=== Instructions for the task ===
An exact copy of each line below is needed, with no images in it.

=== Provided data ===
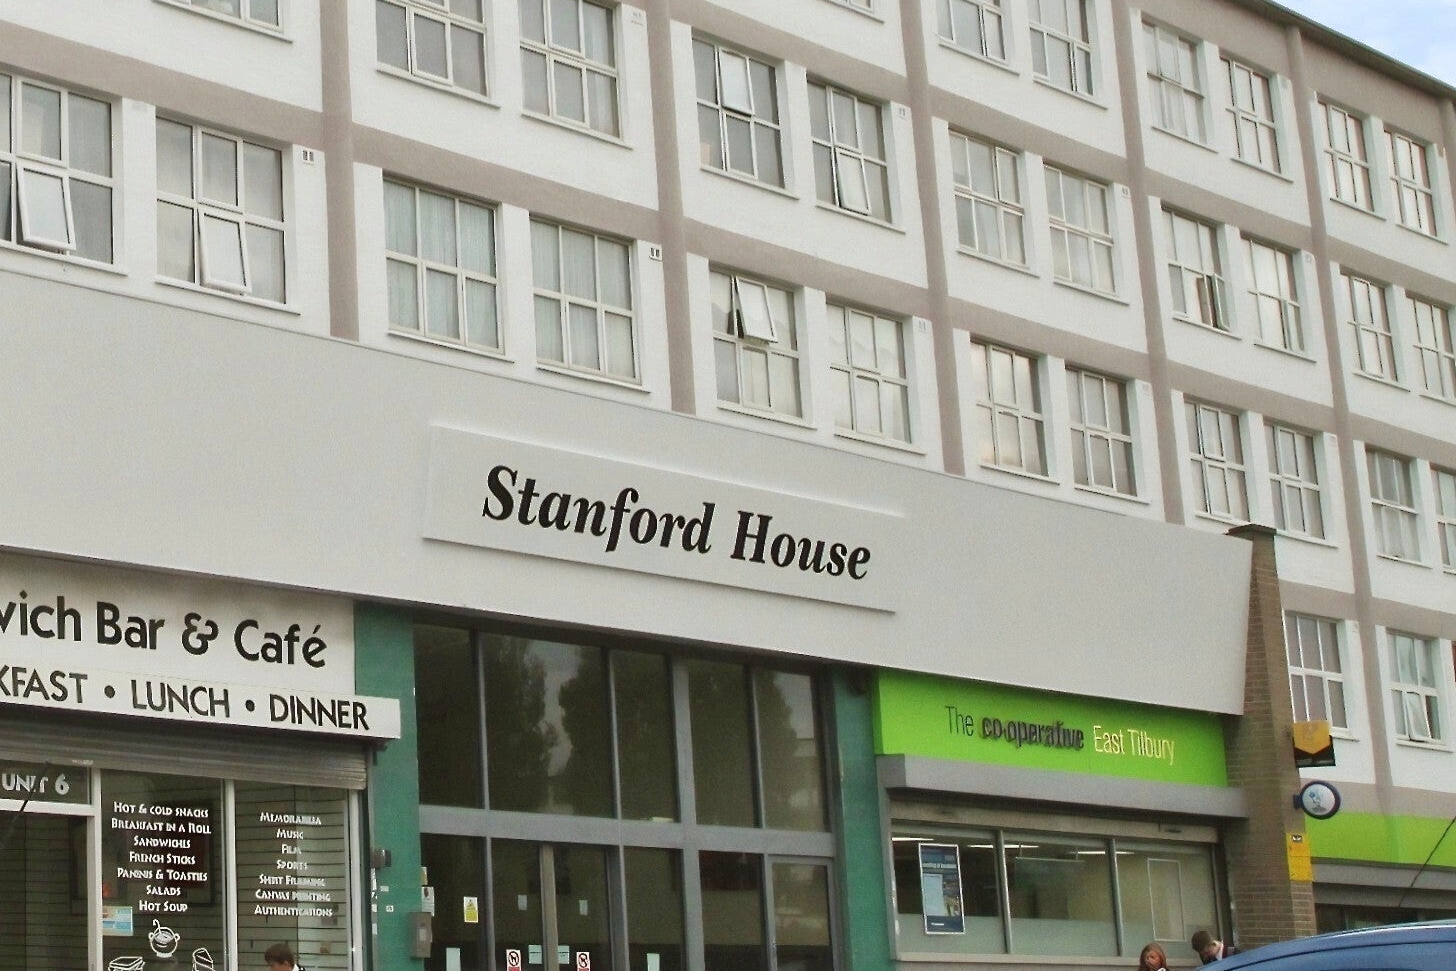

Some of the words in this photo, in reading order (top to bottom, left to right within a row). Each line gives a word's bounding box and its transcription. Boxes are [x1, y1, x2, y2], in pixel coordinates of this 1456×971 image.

[482, 465, 716, 554] Stanford
[730, 510, 871, 580] House
[96, 601, 165, 650] Bar
[181, 612, 219, 656] &
[234, 619, 327, 668] Café
[131, 679, 230, 718] LUNCH
[269, 693, 370, 731] DINNER
[945, 705, 974, 736] The
[1093, 725, 1125, 756] East
[1127, 728, 1174, 766] Tilbury
[54, 773, 70, 796] 6
[113, 801, 136, 813] HOT
[149, 806, 172, 816] COLD
[133, 835, 191, 849] SANDWICHES
[129, 851, 164, 864] FRENCH
[166, 854, 196, 865] STICKS
[146, 885, 181, 896] SALADS
[139, 900, 161, 912] HOT
[163, 900, 188, 913] SOUP

=== Answer to this exercise ===
Some of the words in this photo, in reading order (top to bottom, left to right within a row). Each line gives a word's bounding box and its transcription. Boxes are [x1, y1, x2, y2], in pixel coordinates of this 1456×971 image.

[482, 465, 716, 554] Stanford
[730, 510, 871, 580] House
[96, 601, 165, 650] Bar
[181, 612, 219, 656] &
[234, 619, 327, 668] Café
[131, 679, 230, 718] LUNCH
[269, 693, 370, 731] DINNER
[945, 705, 974, 736] The
[1093, 725, 1125, 756] East
[1127, 728, 1174, 766] Tilbury
[54, 773, 70, 796] 6
[113, 801, 136, 813] HOT
[149, 806, 172, 816] COLD
[133, 835, 191, 849] SANDWICHES
[129, 851, 164, 864] FRENCH
[166, 854, 196, 865] STICKS
[146, 885, 181, 896] SALADS
[139, 900, 161, 912] HOT
[163, 900, 188, 913] SOUP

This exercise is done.